ENTRIES PROVIDED section start

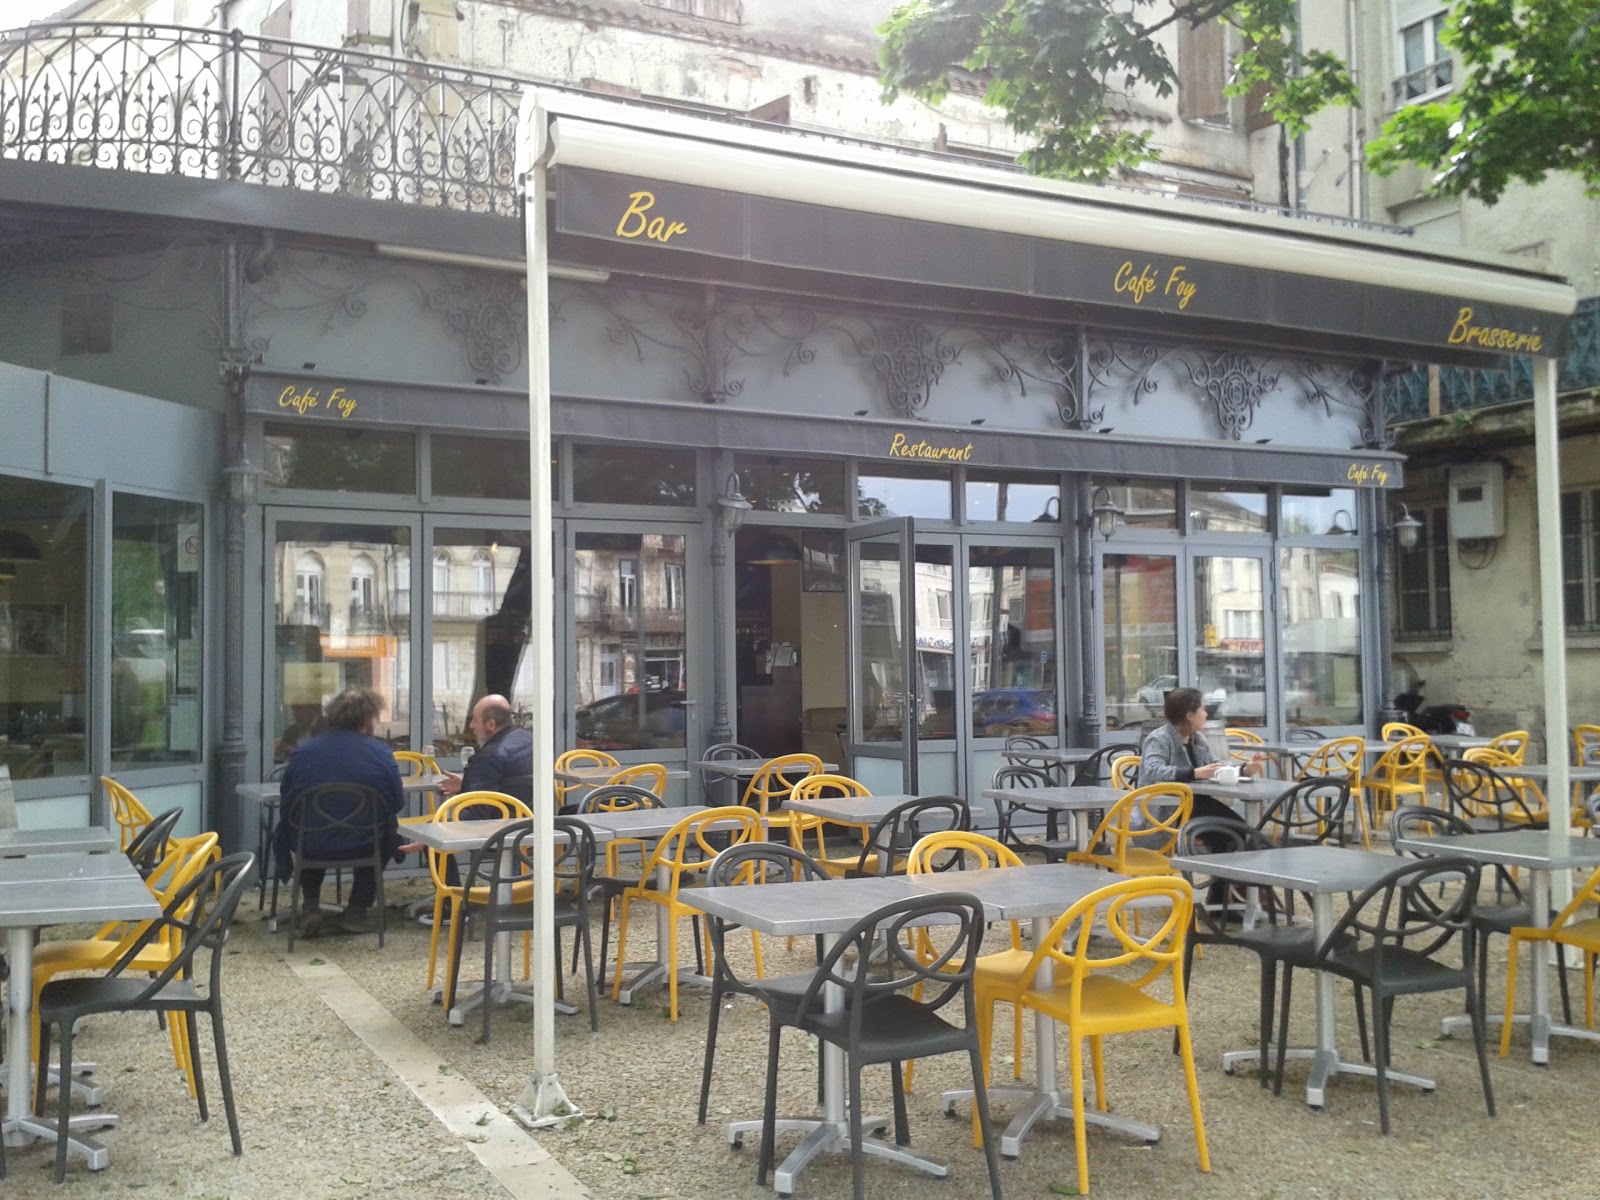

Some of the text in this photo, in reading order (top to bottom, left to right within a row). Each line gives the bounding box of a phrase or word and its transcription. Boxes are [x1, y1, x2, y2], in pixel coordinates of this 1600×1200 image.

[615, 191, 688, 243] Bar
[1114, 261, 1196, 310] Café Foy
[1447, 306, 1542, 353] Brasserie
[278, 385, 357, 418] Café Foy
[889, 432, 973, 463] Restaurant
[1347, 463, 1388, 487] Café Foy
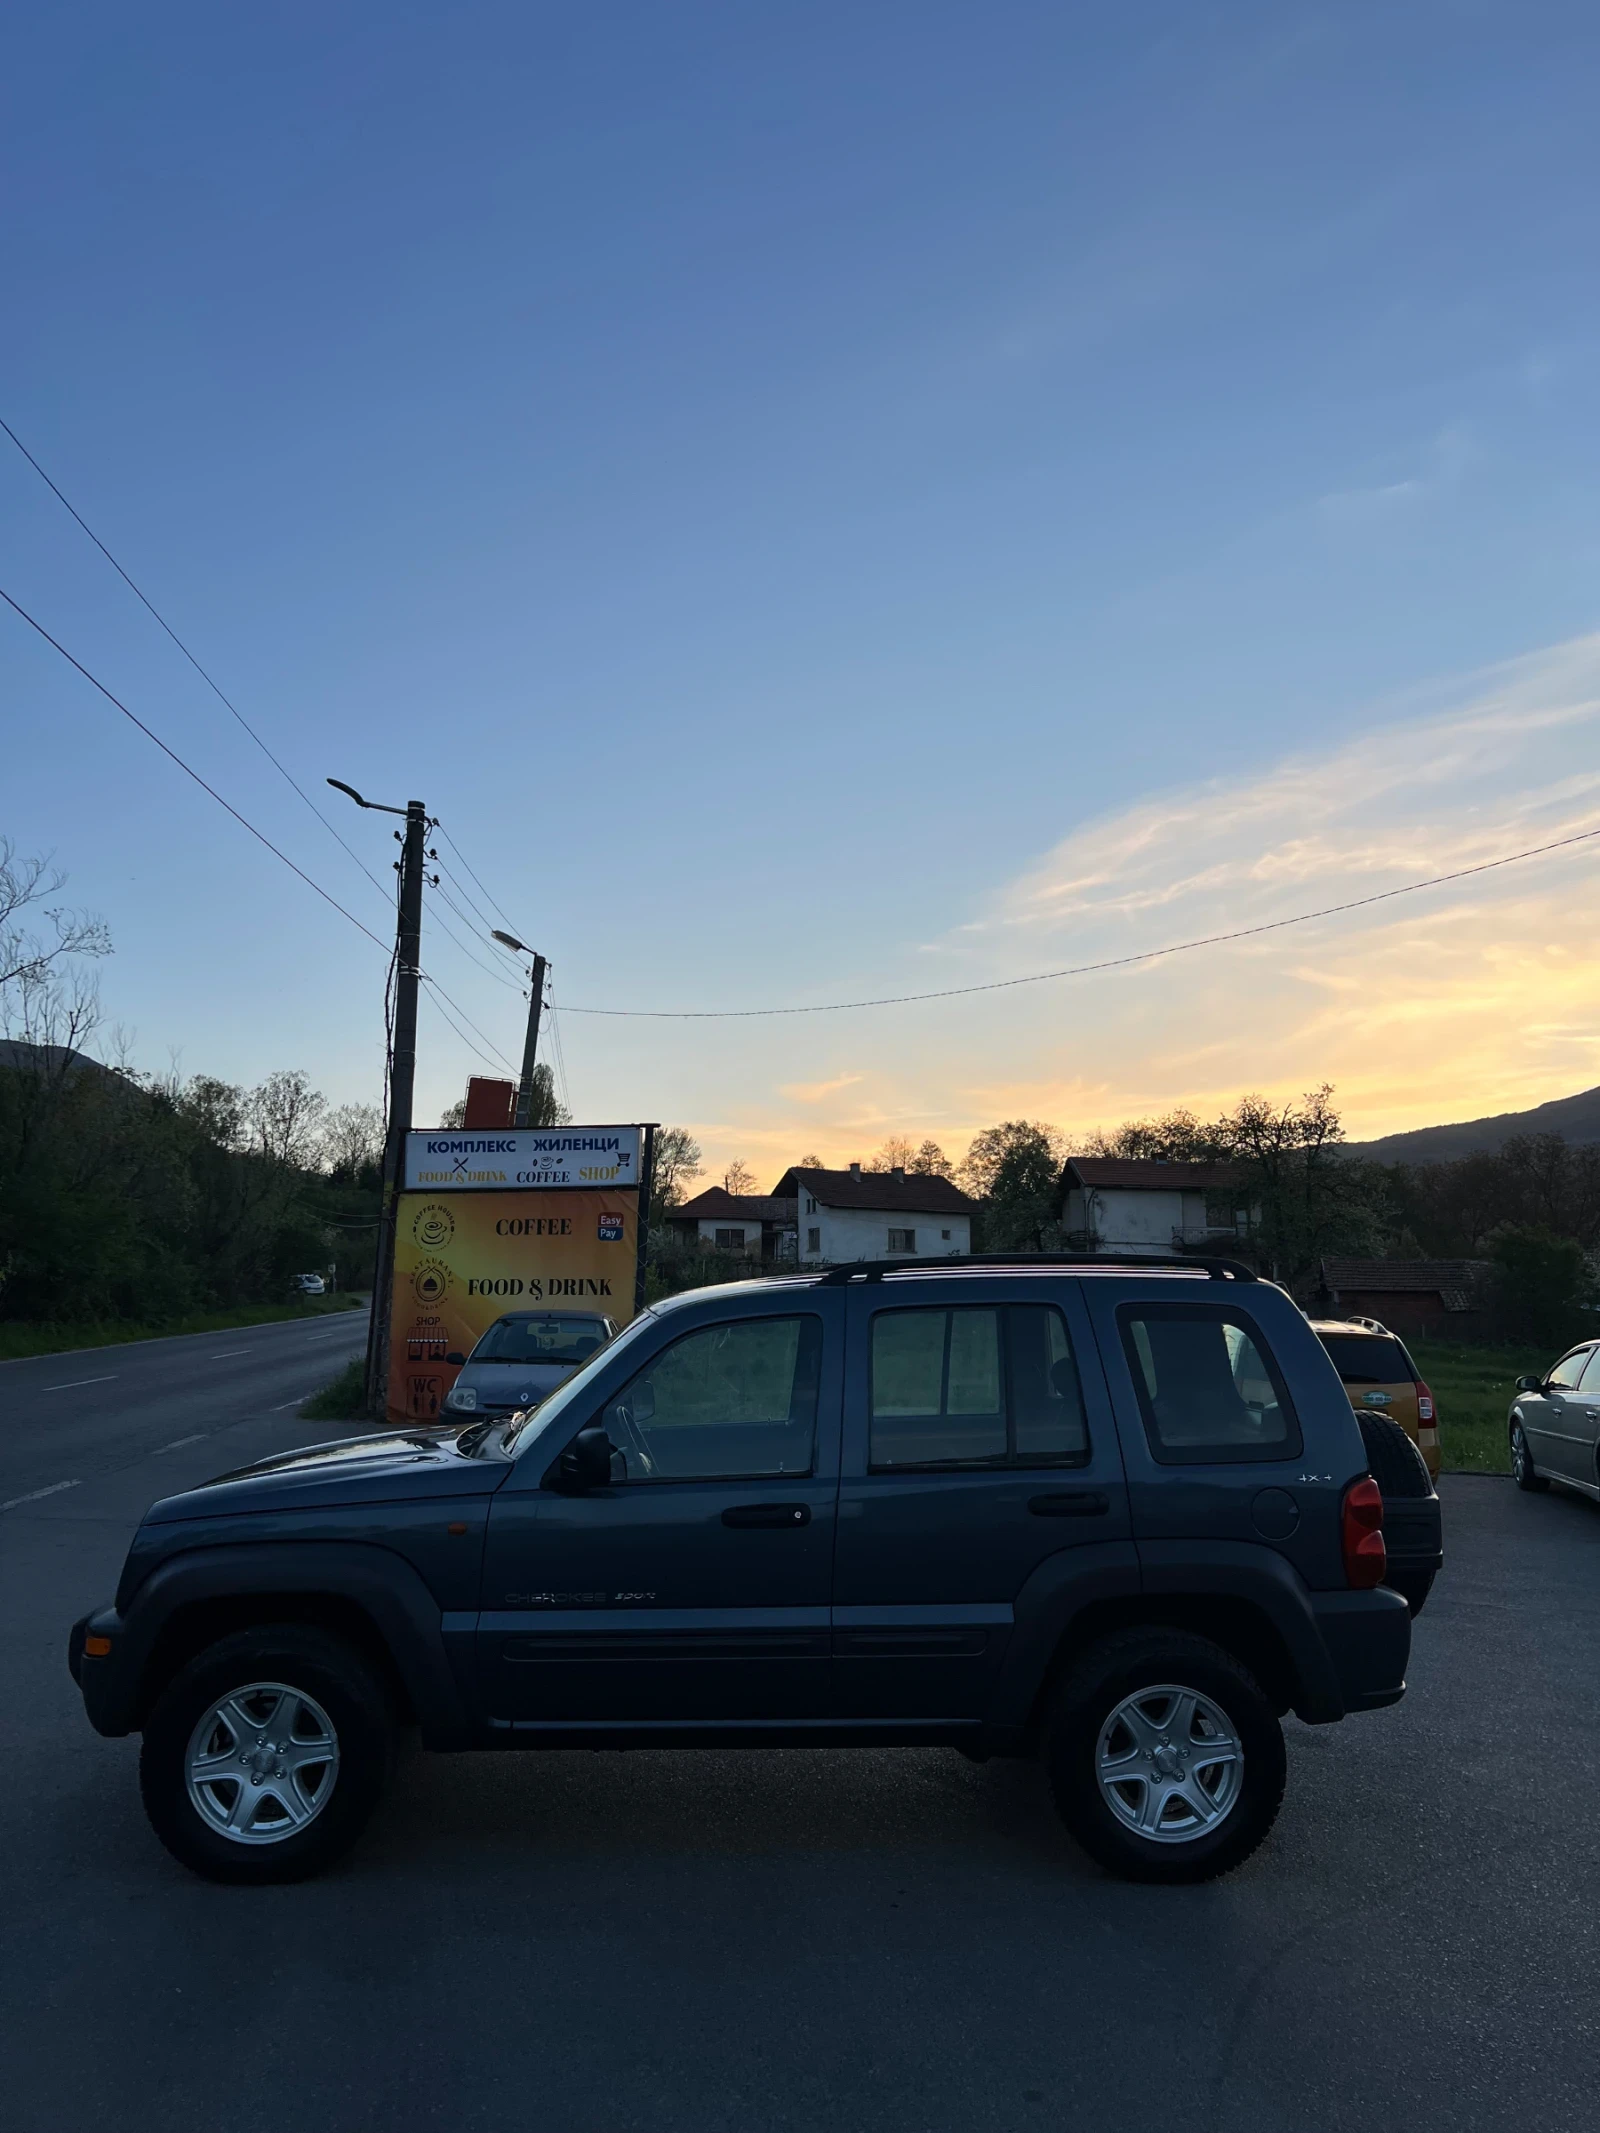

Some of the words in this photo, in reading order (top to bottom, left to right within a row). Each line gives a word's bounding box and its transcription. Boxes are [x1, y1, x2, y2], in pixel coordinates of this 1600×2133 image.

[427, 1140, 516, 1154] КОМПЛЕКС
[533, 1138, 619, 1152] ЖИЛЕНЦИ
[418, 1172, 453, 1182] FOOD
[455, 1172, 465, 1184] &
[467, 1171, 507, 1182] DRINK
[516, 1171, 570, 1183] COFFEE
[578, 1167, 620, 1180] SHOP
[495, 1218, 572, 1236] COFFEE
[600, 1215, 621, 1226] Easy
[600, 1228, 616, 1239] Pay
[467, 1278, 523, 1296] FOOD
[528, 1279, 543, 1300] &
[548, 1278, 612, 1296] DRINK
[416, 1316, 440, 1326] SHOP
[413, 1378, 436, 1393] WC
[505, 1592, 606, 1603] CHEROKEE

ENTRIES PROVIDED section end

EXERCISE PROMPT:
Retype exactly. Start at the line with "Some of the words" and stop at the last line of the data.

REPLY:
Some of the words in this photo, in reading order (top to bottom, left to right within a row). Each line gives a word's bounding box and its transcription. Boxes are [x1, y1, x2, y2], in pixel coordinates of this 1600×2133 image.

[427, 1140, 516, 1154] КОМПЛЕКС
[533, 1138, 619, 1152] ЖИЛЕНЦИ
[418, 1172, 453, 1182] FOOD
[455, 1172, 465, 1184] &
[467, 1171, 507, 1182] DRINK
[516, 1171, 570, 1183] COFFEE
[578, 1167, 620, 1180] SHOP
[495, 1218, 572, 1236] COFFEE
[600, 1215, 621, 1226] Easy
[600, 1228, 616, 1239] Pay
[467, 1278, 523, 1296] FOOD
[528, 1279, 543, 1300] &
[548, 1278, 612, 1296] DRINK
[416, 1316, 440, 1326] SHOP
[413, 1378, 436, 1393] WC
[505, 1592, 606, 1603] CHEROKEE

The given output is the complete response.